Rediroom features hands-free door entry & exit – operated via kick-plates – designed to reduce the risk of hand contamination as healthcare professionals enter and leave the unit.
Linda recalls an elderly gentleman in a bed opposite a Rediroom who, to make sure the feature was used, would use his walking stick to point out the kick-plates to approaching staff.
With COVID numbers in the Trust dropping, how are the team using their learnings?
At Scunthorpe General Hospital, the Redirooms are staying up. Because each Rediroom fits within a single bed space, they’ve allowed the admissions unit to increase their isolation capacity without losing any bed spaces.
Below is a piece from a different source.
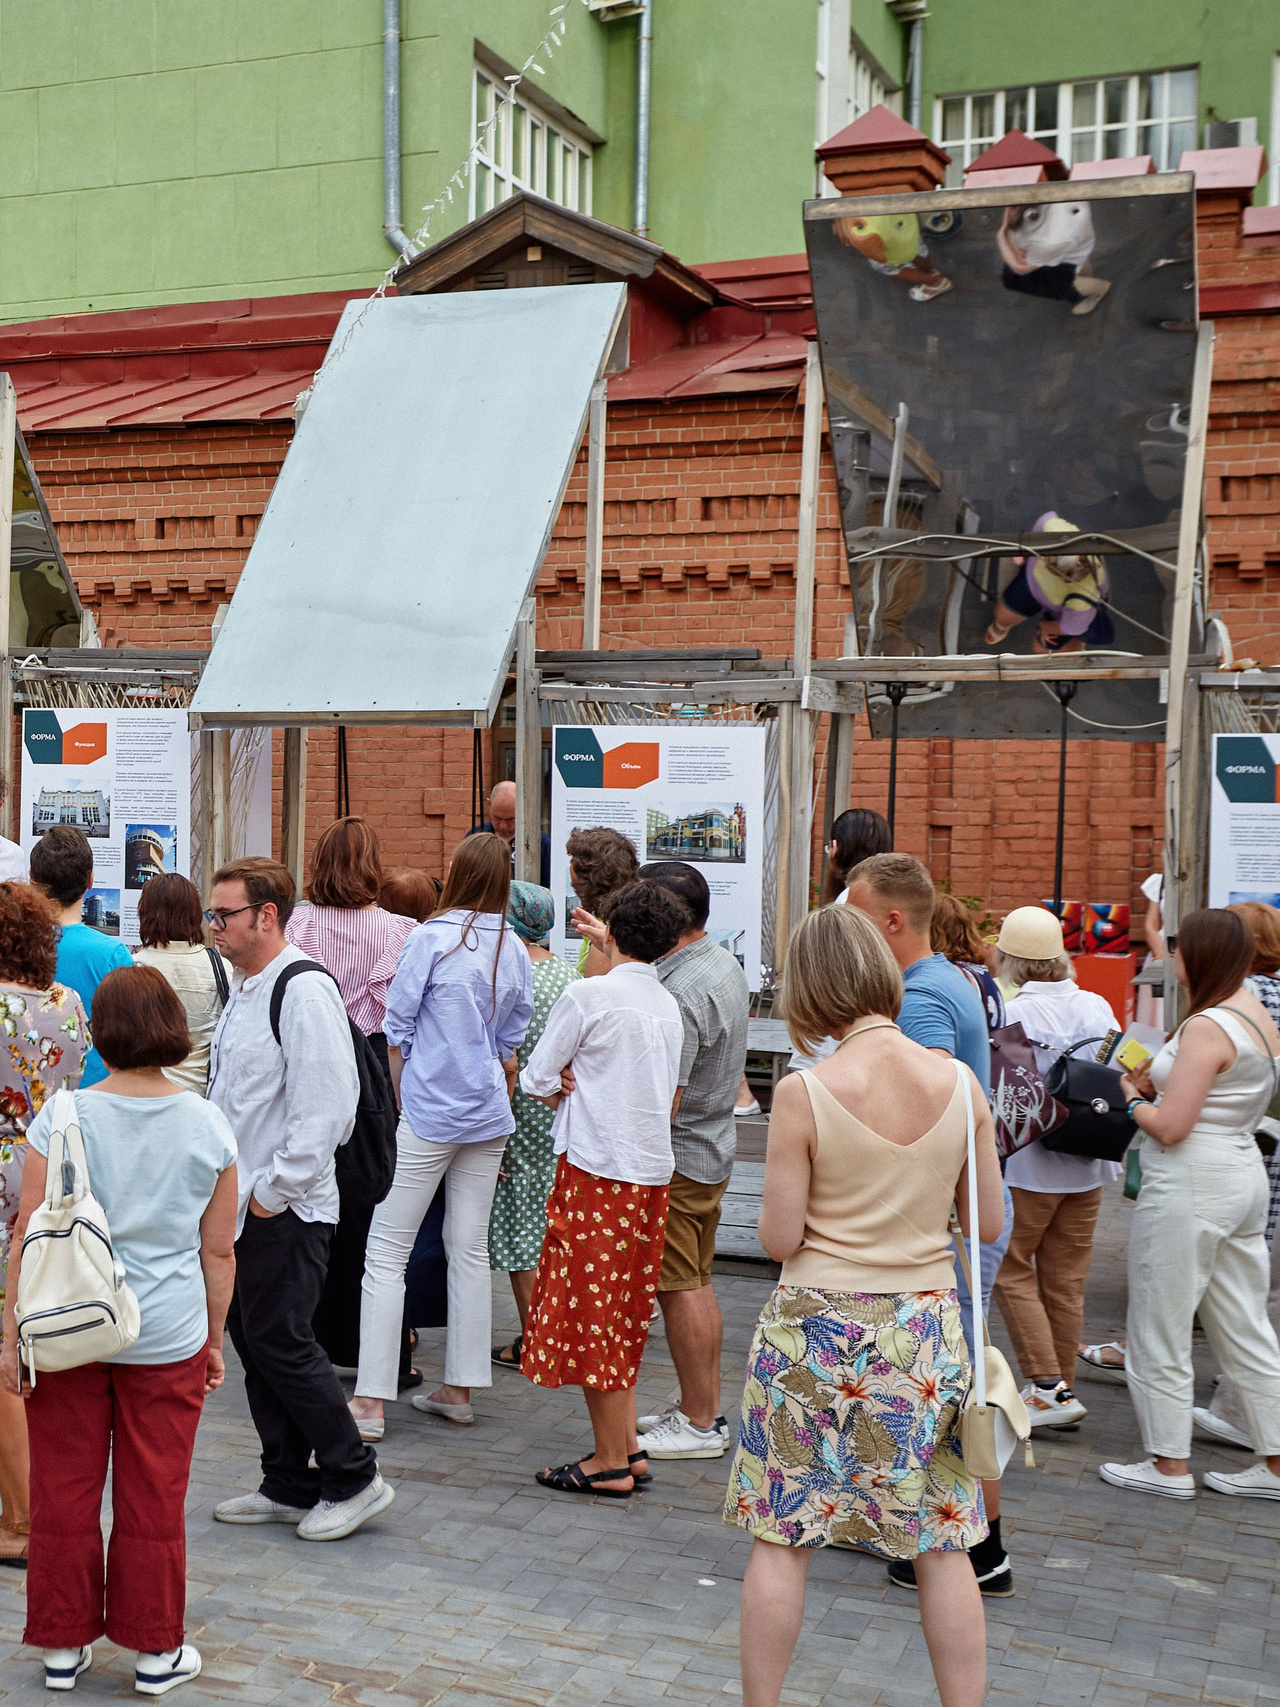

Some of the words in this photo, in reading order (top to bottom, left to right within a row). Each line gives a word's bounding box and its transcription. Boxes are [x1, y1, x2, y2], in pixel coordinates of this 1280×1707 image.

[30, 733, 56, 741] ФОРМА
[563, 753, 595, 762] ФОРМА
[1225, 765, 1266, 774] ФОРМА
At Diana Princess of Wales Hospital, smaller bed spaces in the admissions unit mean removing an extra bed to allow for each Rediroom. Even still, Linda explains that, because they reduce the risk of bay and bed closures, the Redirooms can actually increase overall bed capacity. The hospital has kept up their Redirooms on the short-stay ward and are using the others responsively whenever a suspected or confirmed infection is found.
Linda mentioned, two Redirooms had already gone up that morning – one for a patient with influenza, one for MRSA. Both were used to isolate admitted patients when permanent, fixed isolation facilities reached capacity.
“COVID drove us to get them in the first place but we already use them for other things. MRSA for example. It spreads via contact so we can place a patient who’s colonised in a Rediroom and free up our permanent isolation spaces for higher-risk infections.”
“The key word is ‘flexible’.” says Linda.